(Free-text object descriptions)
----

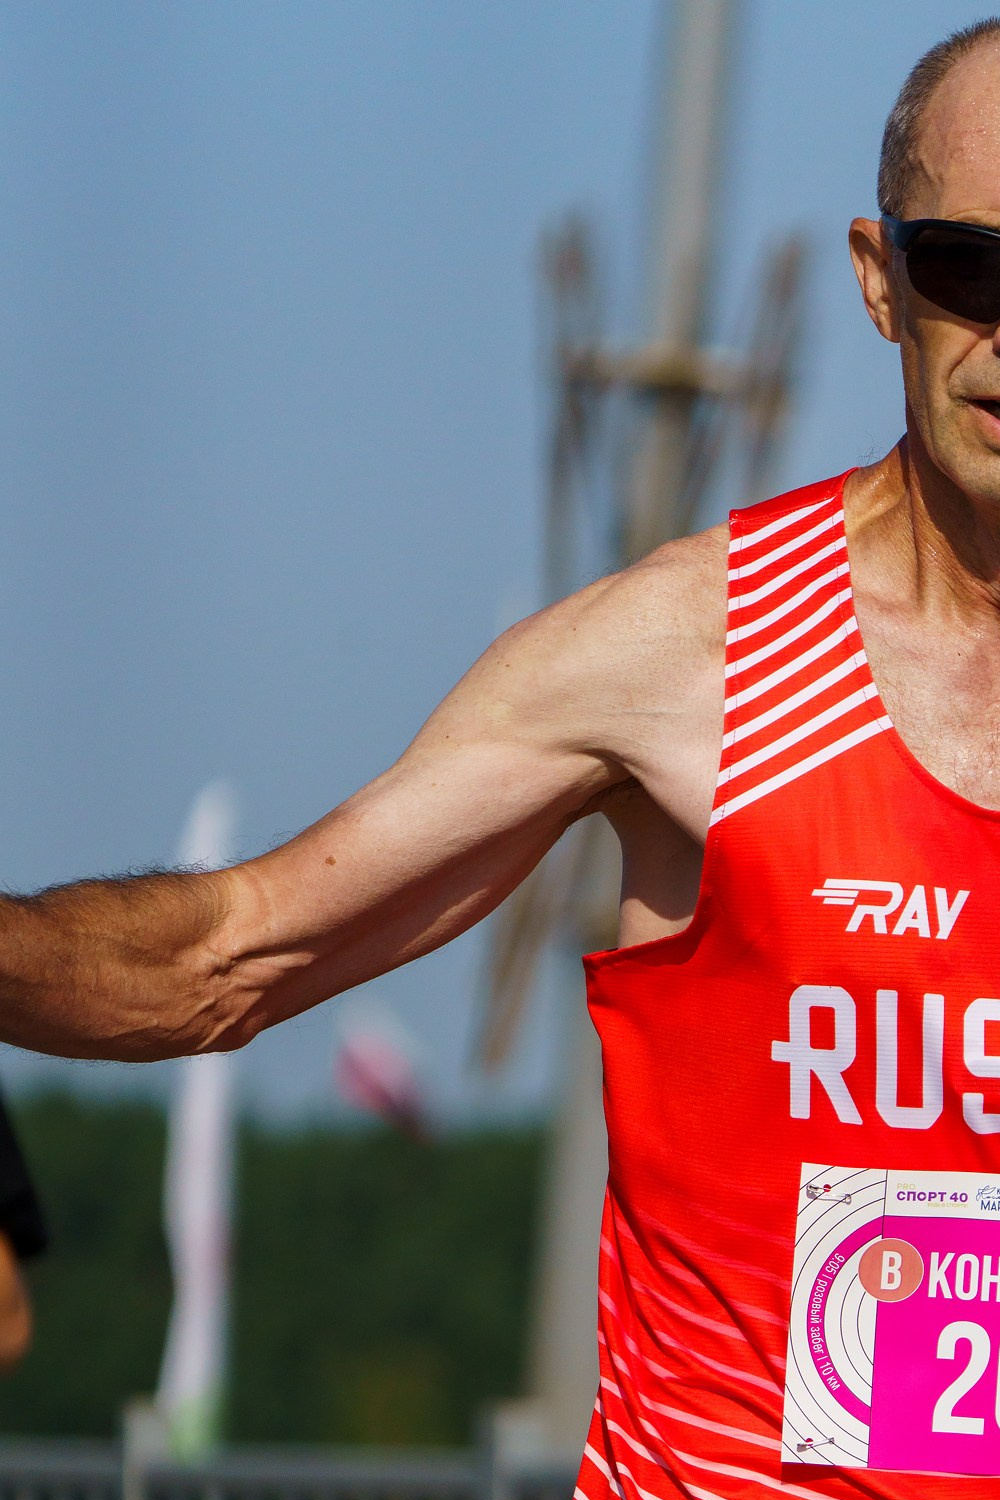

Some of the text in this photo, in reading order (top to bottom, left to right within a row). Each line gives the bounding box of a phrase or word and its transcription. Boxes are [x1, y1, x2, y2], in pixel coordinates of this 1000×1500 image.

[811, 877, 971, 940] RAY
[896, 1183, 916, 1191] PRO
[896, 1190, 969, 1203] СПОРТ 40
[825, 1252, 845, 1275] 9:05
[810, 1278, 828, 1324] розовый
[810, 1326, 824, 1354] забег
[820, 1361, 834, 1376] 10

----

> Work request:
With the images omitted, output all entries exactly as given.

> Final answer:
Some of the text in this photo, in reading order (top to bottom, left to right within a row). Each line gives the bounding box of a phrase or word and its transcription. Boxes are [x1, y1, x2, y2], in pixel coordinates of this 1000×1500 image.

[811, 877, 971, 940] RAY
[896, 1183, 916, 1191] PRO
[896, 1190, 969, 1203] СПОРТ 40
[825, 1252, 845, 1275] 9:05
[810, 1278, 828, 1324] розовый
[810, 1326, 824, 1354] забег
[820, 1361, 834, 1376] 10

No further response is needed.